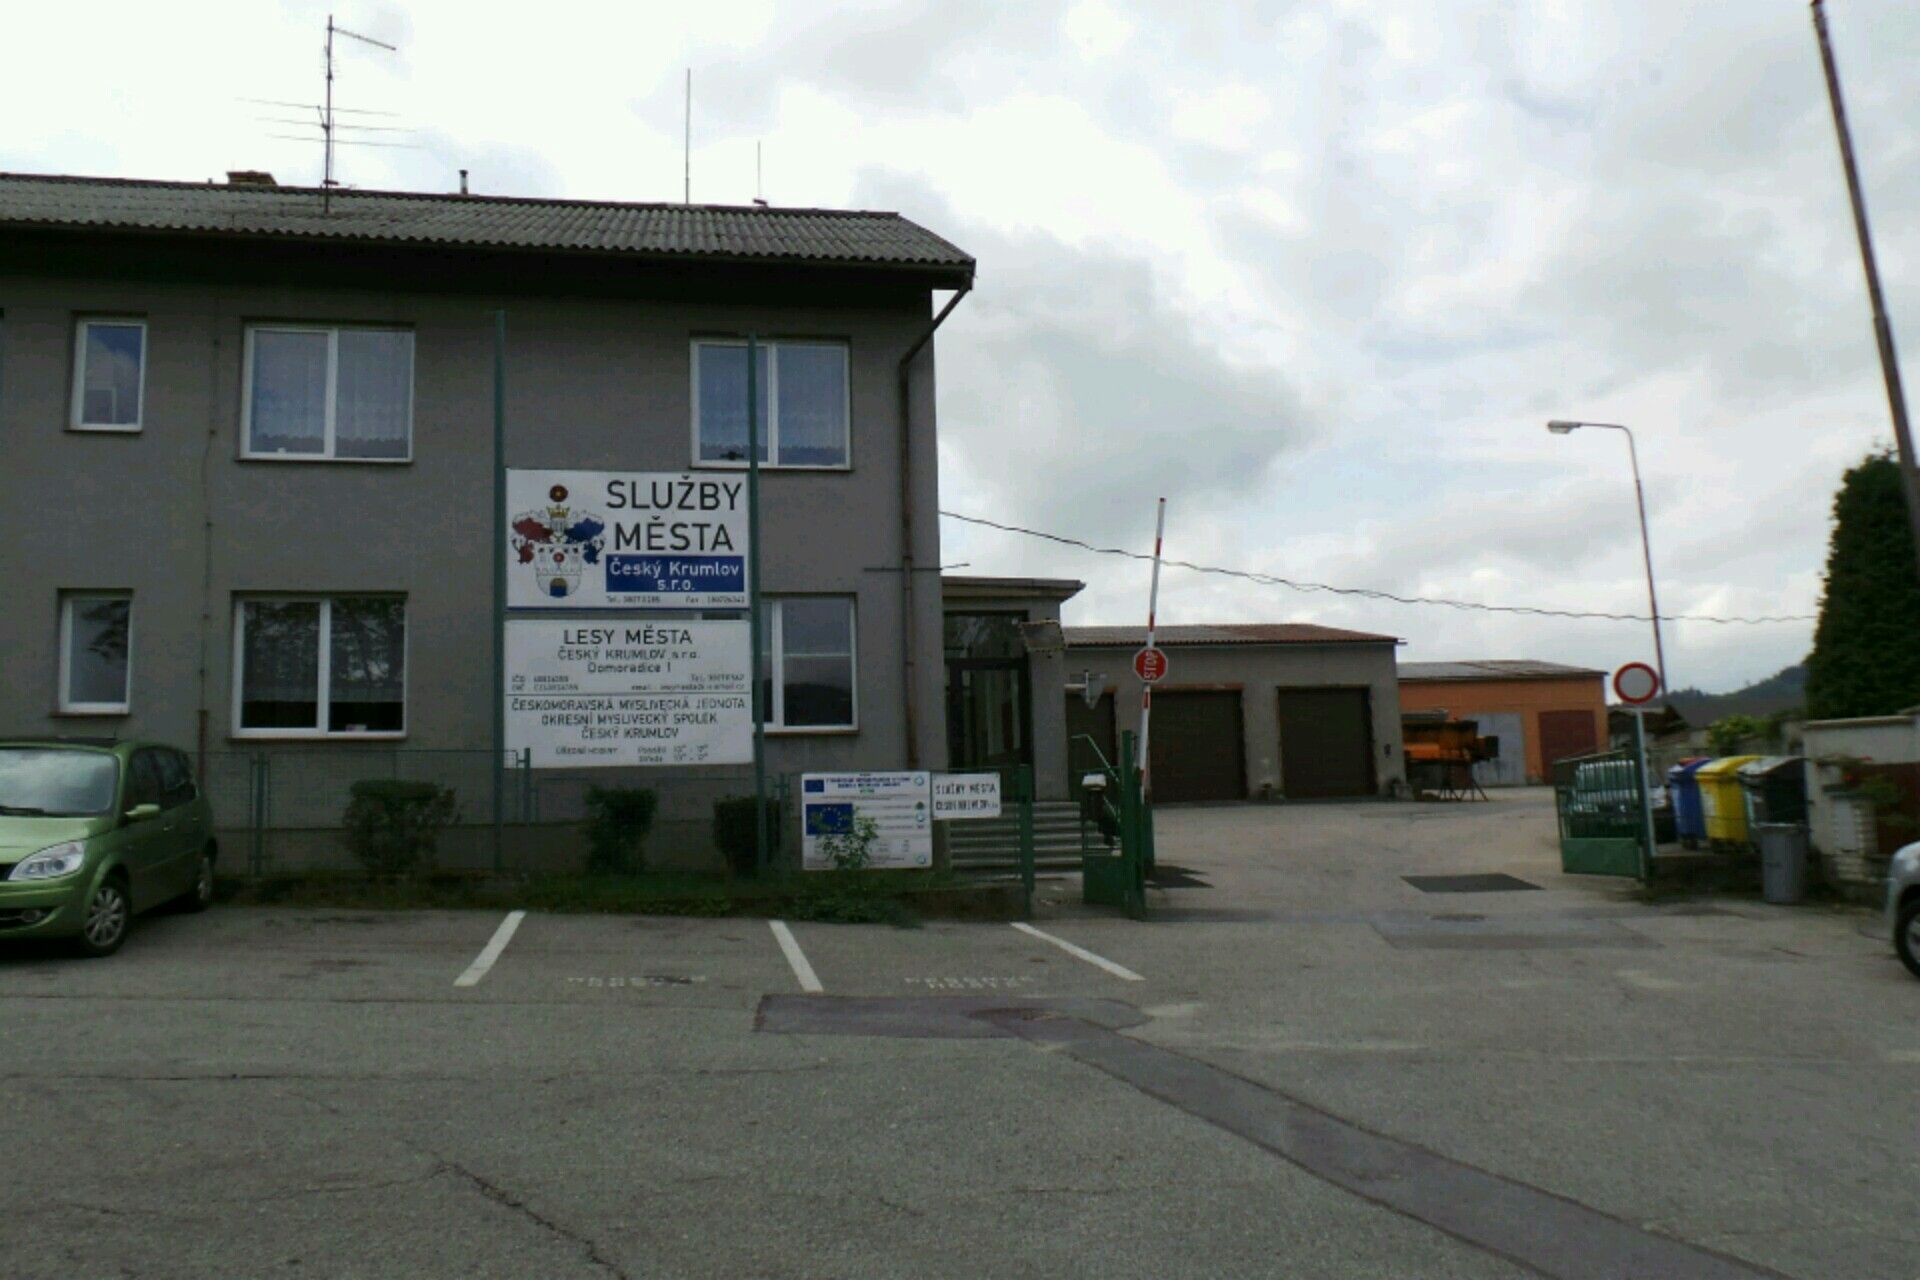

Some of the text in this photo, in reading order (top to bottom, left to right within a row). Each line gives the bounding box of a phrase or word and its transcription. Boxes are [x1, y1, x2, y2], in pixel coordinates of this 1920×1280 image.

[606, 475, 742, 510] SLUŽBY
[615, 516, 734, 551] MĚSTA
[610, 558, 740, 579] Český Krumlov
[657, 580, 695, 591] s.r.o.
[563, 624, 692, 645] LESY MĚSTA
[558, 646, 600, 660] ČESKÝ
[605, 649, 666, 660] KRUMLOV
[587, 662, 661, 673] Domoradice
[1144, 650, 1158, 679] STOP
[512, 696, 745, 711] ČESKOMORAVSKÁ MYSLIVECKÁ JEDNOTA
[541, 711, 717, 725] OKRESNÍ MYSLIVECKÝ SPOLEK
[581, 726, 679, 739] ČESKÝ KRUMLOV
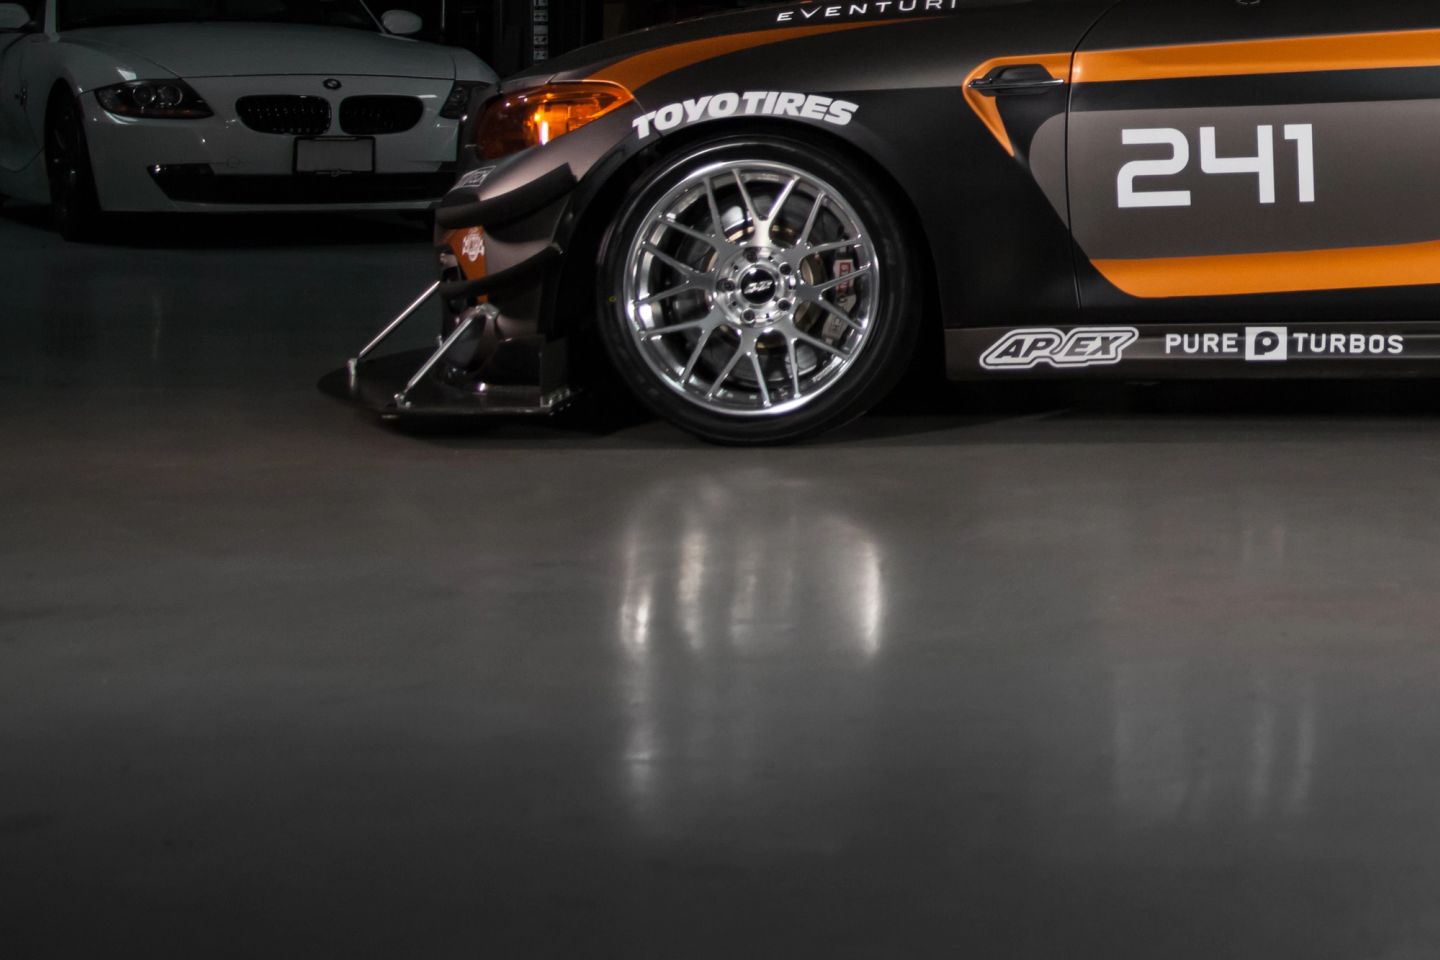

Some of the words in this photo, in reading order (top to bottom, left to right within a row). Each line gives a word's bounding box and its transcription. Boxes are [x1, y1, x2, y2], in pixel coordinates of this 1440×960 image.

[1117, 123, 1315, 208] 241
[988, 328, 1137, 366] APEX
[1165, 333, 1239, 355] PURE
[1293, 332, 1403, 355] TURBOS
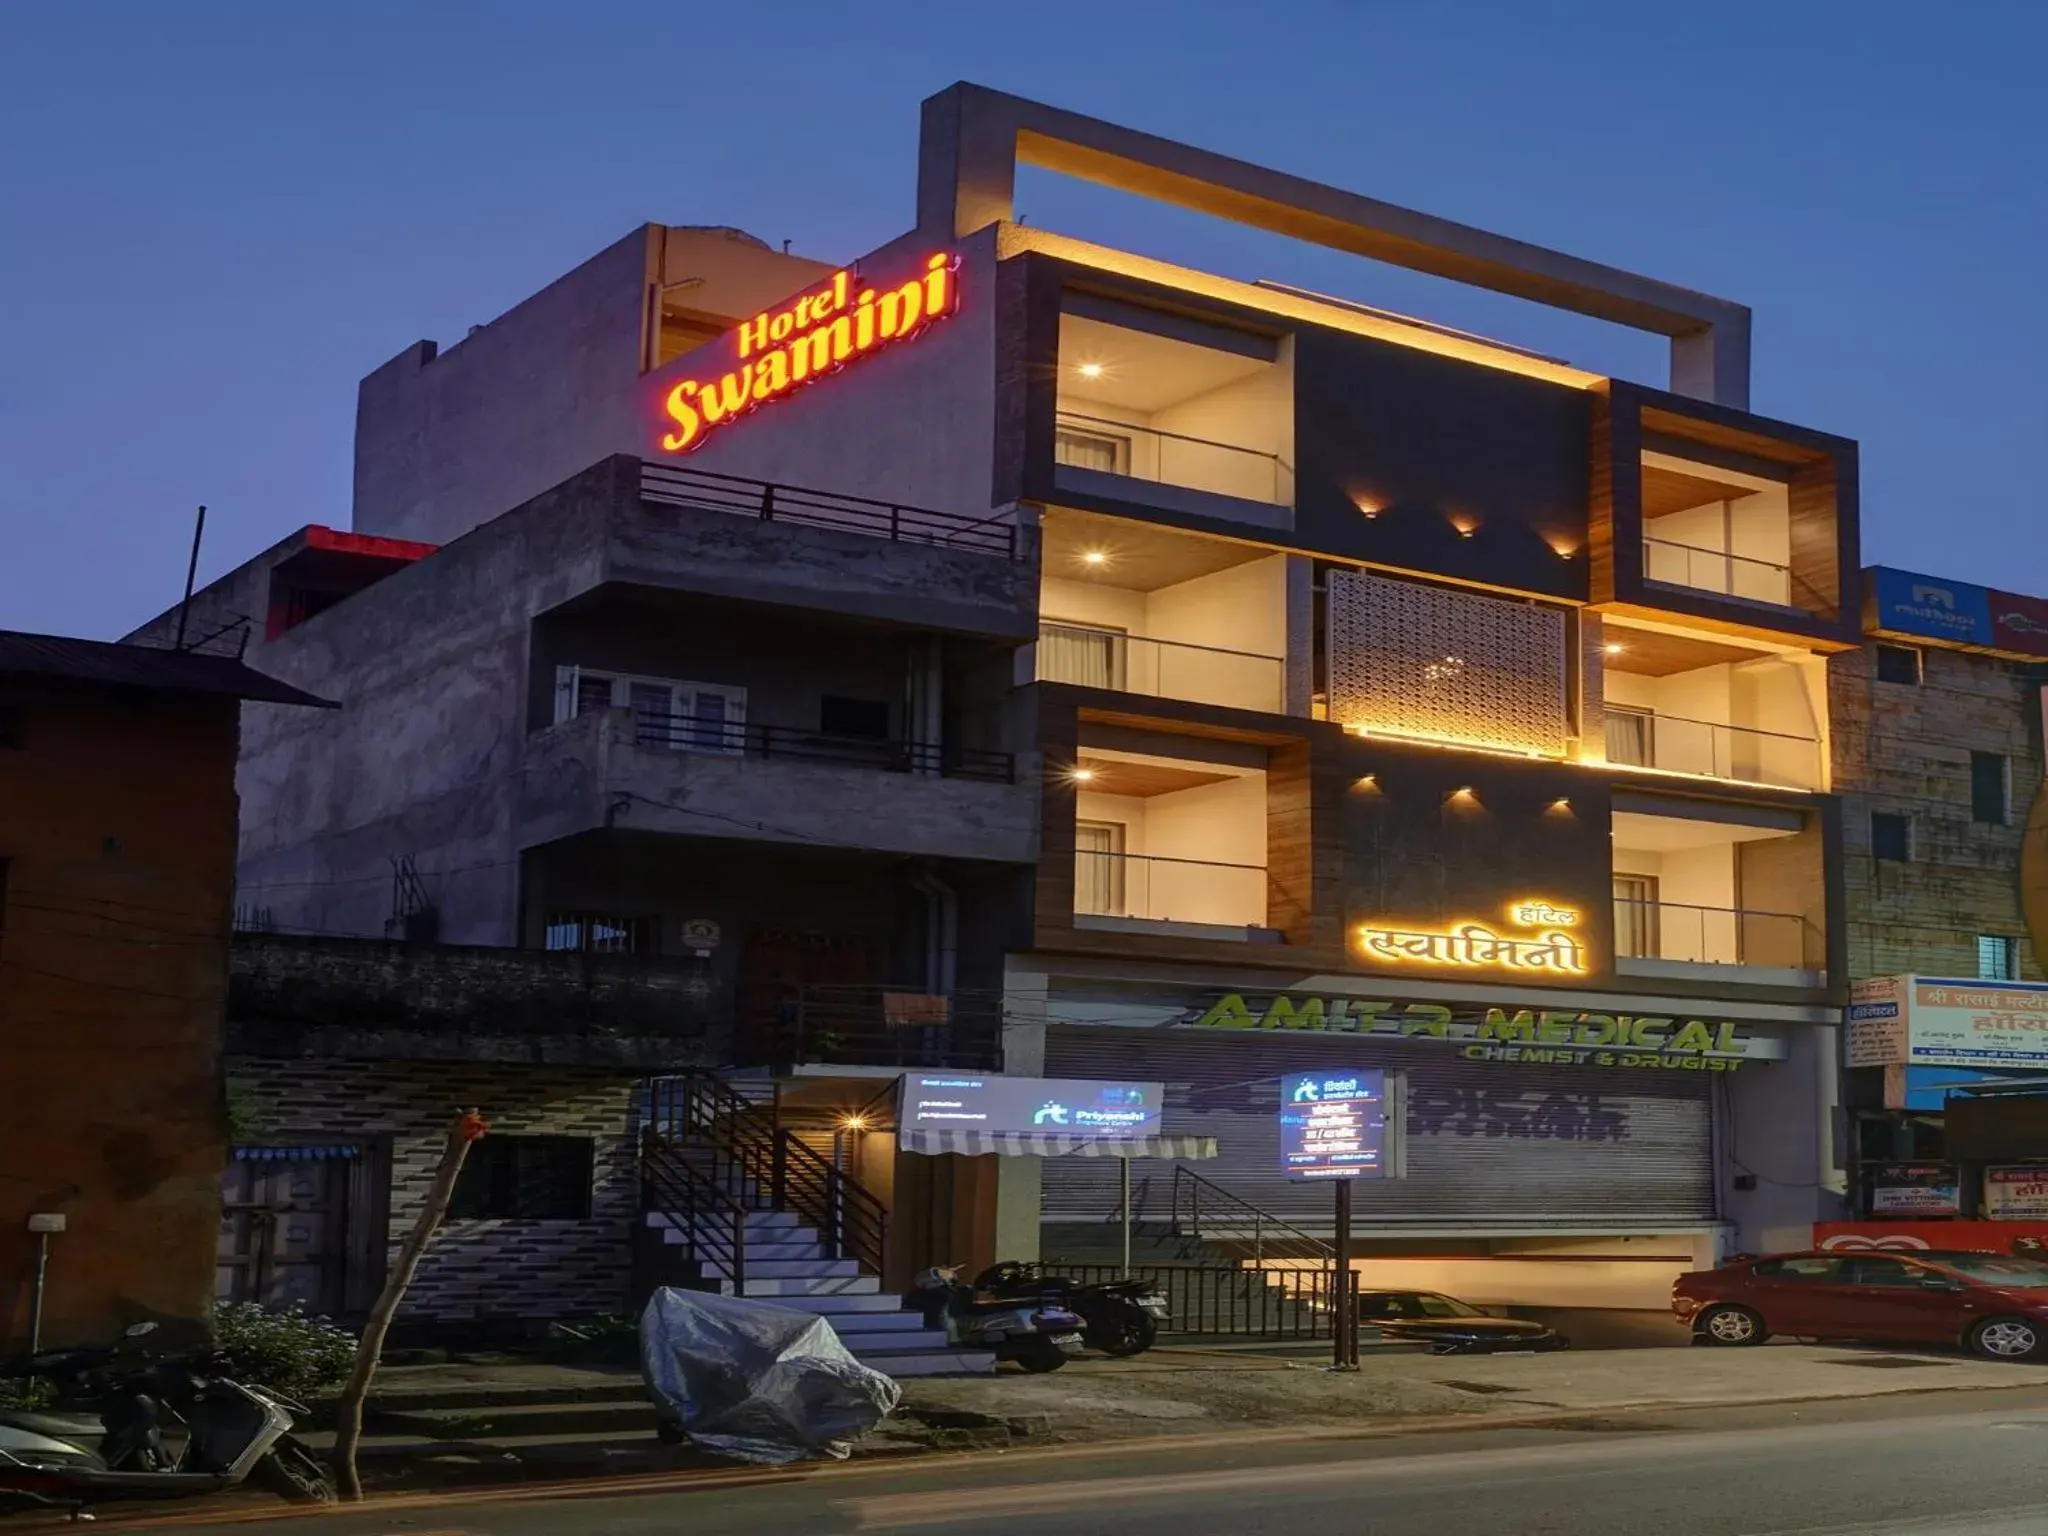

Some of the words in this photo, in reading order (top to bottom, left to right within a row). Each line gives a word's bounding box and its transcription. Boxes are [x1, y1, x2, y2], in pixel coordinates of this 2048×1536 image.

[738, 271, 848, 359] Hotel
[662, 252, 949, 451] Swamini
[1363, 925, 1587, 971] स्वामिनी
[1477, 1007, 1750, 1054] MEDICAL
[1462, 1045, 1591, 1065] CHEMIST
[1596, 1051, 1616, 1067] &
[1618, 1053, 1746, 1072] DRUGIST

- **Action item**
Beginning with the line that contains "this 2048×1536 image.", each line of the records above through the last one must be printed word for word.

- **Result**
Some of the words in this photo, in reading order (top to bottom, left to right within a row). Each line gives a word's bounding box and its transcription. Boxes are [x1, y1, x2, y2], in pixel coordinates of this 2048×1536 image.

[738, 271, 848, 359] Hotel
[662, 252, 949, 451] Swamini
[1363, 925, 1587, 971] स्वामिनी
[1477, 1007, 1750, 1054] MEDICAL
[1462, 1045, 1591, 1065] CHEMIST
[1596, 1051, 1616, 1067] &
[1618, 1053, 1746, 1072] DRUGIST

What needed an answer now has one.